= What this task involves =
From the first line to the last, repeat the data exactly but leave out the pictures.

= Dataset entries =
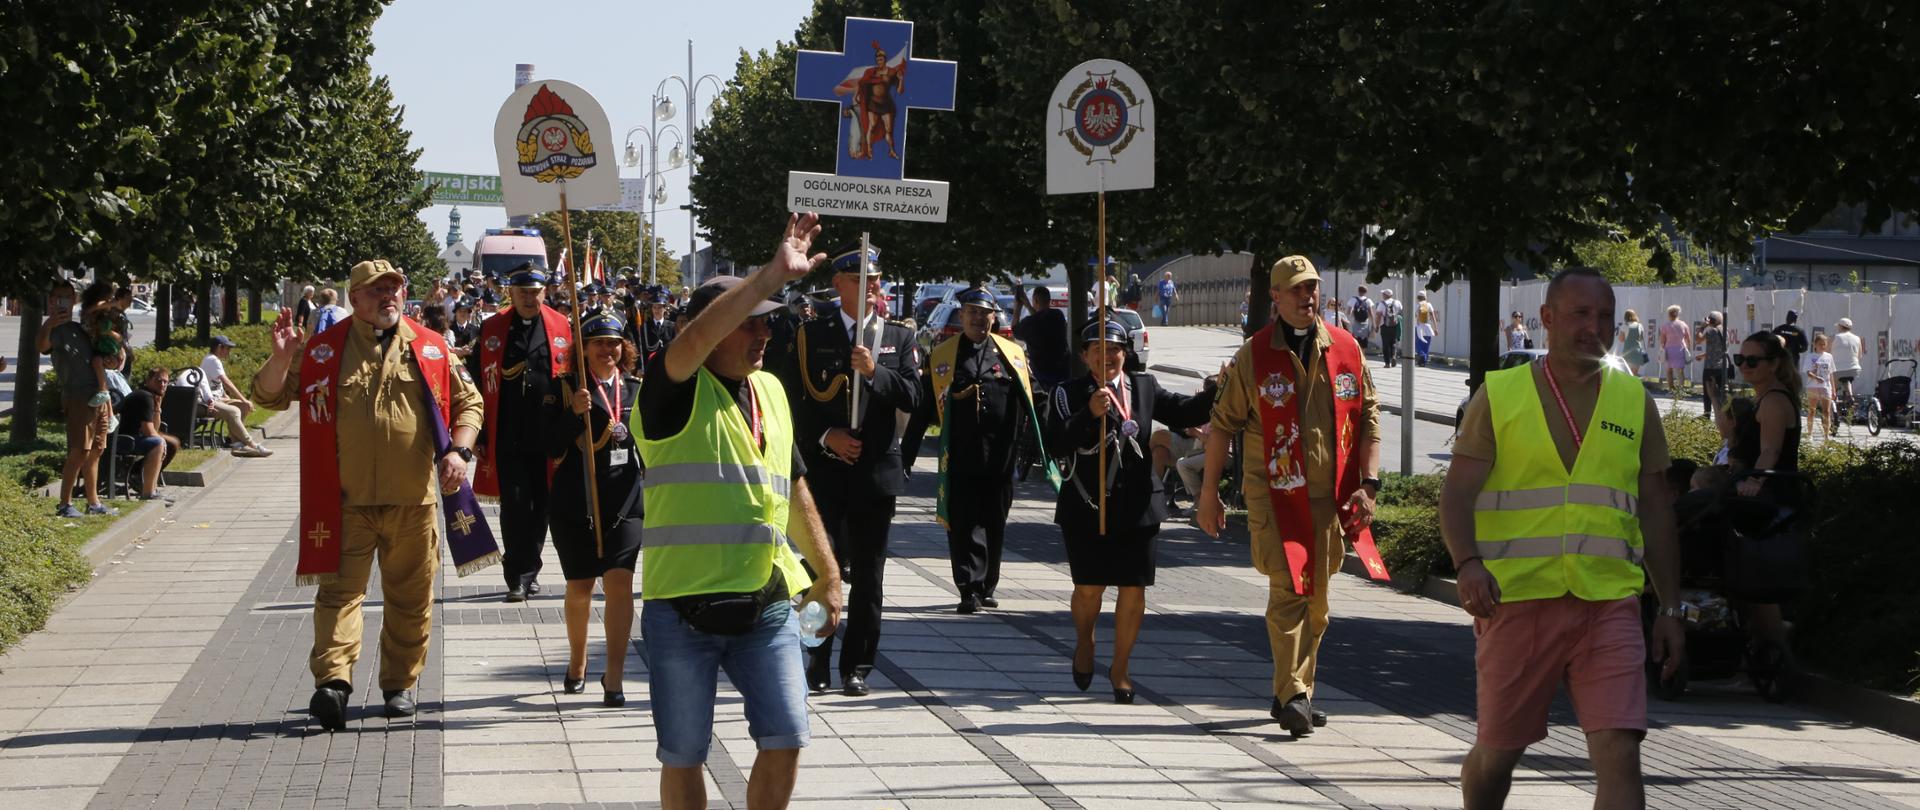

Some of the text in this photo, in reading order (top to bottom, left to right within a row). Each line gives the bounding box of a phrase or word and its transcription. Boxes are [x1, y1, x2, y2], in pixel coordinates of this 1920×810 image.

[432, 189, 504, 203] estiwal muzy
[803, 179, 932, 198] OGÓLNOPOLSKA PIESZA
[794, 196, 940, 216] PIELGRZYMKA STRAŻAKÓW
[1600, 420, 1636, 441] STRAŻ
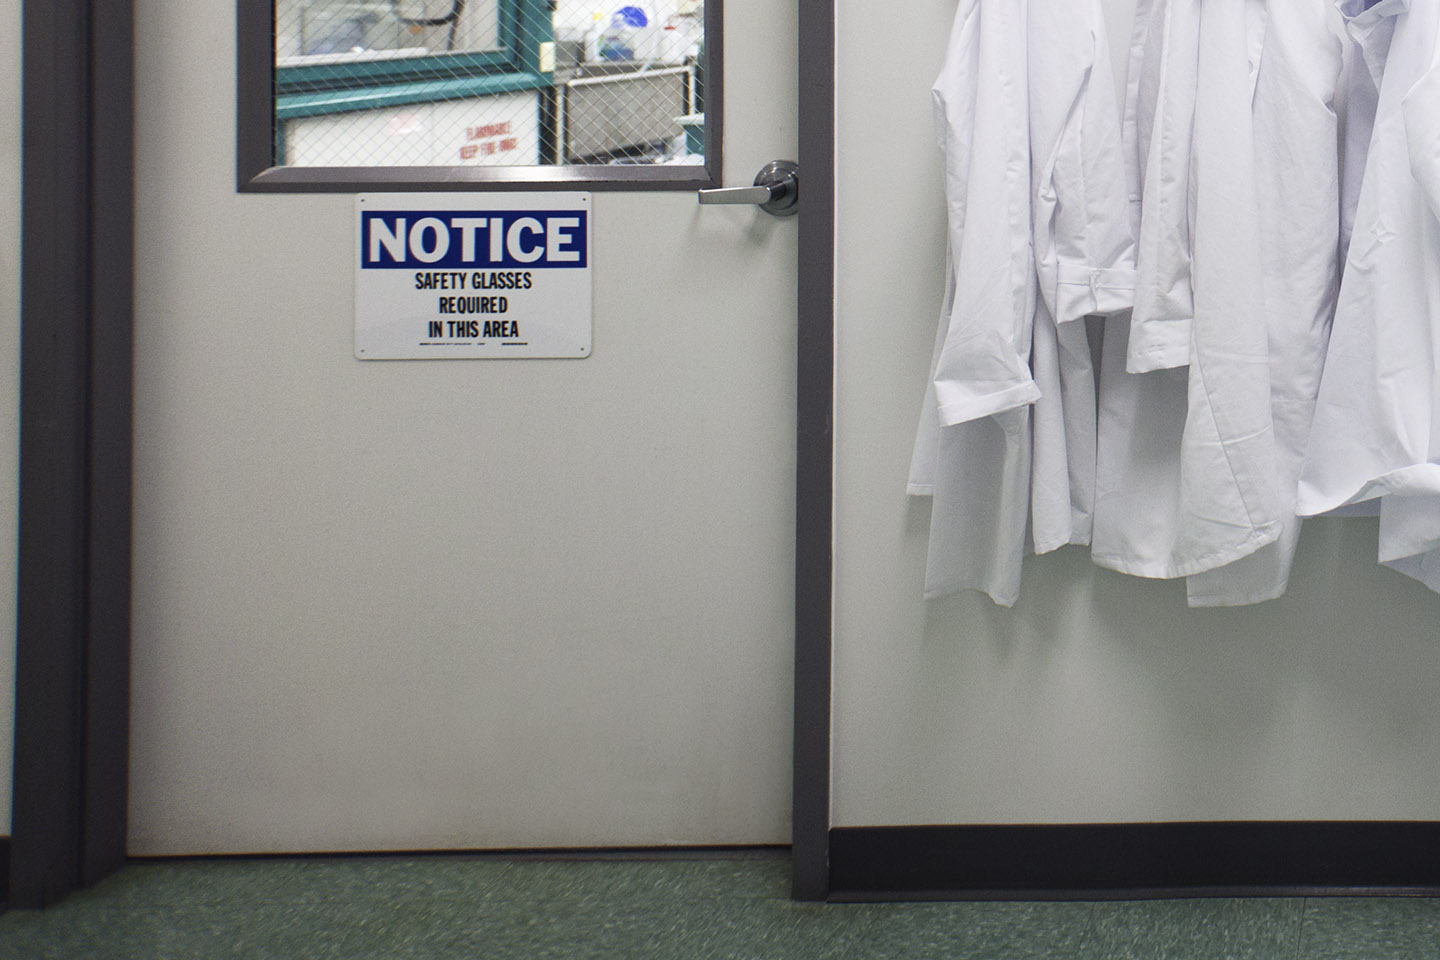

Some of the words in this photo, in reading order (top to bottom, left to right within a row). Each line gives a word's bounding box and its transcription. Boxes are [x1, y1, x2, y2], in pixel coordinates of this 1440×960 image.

[369, 217, 580, 263] NOTICE
[415, 272, 467, 290] SAFETY
[472, 272, 532, 290] GLASSES
[439, 296, 508, 314] REQUIRED
[428, 320, 443, 338] IN
[447, 320, 479, 338] THIS
[483, 320, 519, 338] AREA

= Answer to this task =
Some of the text in this photo, in reading order (top to bottom, left to right within a row). Each line gives the bounding box of a phrase or word and its transcription. Boxes are [x1, y1, x2, y2], in pixel coordinates of this 1920×810 image.

[432, 189, 504, 203] estiwal muzy
[803, 179, 932, 198] OGÓLNOPOLSKA PIESZA
[794, 196, 940, 216] PIELGRZYMKA STRAŻAKÓW
[1600, 420, 1636, 441] STRAŻ

Some of the words in this photo, in reading order (top to bottom, left to right within a row). Each line gives a word's bounding box and its transcription. Boxes are [x1, y1, x2, y2], in pixel coordinates of this 1440×960 image.

[369, 217, 580, 263] NOTICE
[415, 272, 467, 290] SAFETY
[472, 272, 532, 290] GLASSES
[439, 296, 508, 314] REQUIRED
[428, 320, 443, 338] IN
[447, 320, 479, 338] THIS
[483, 320, 519, 338] AREA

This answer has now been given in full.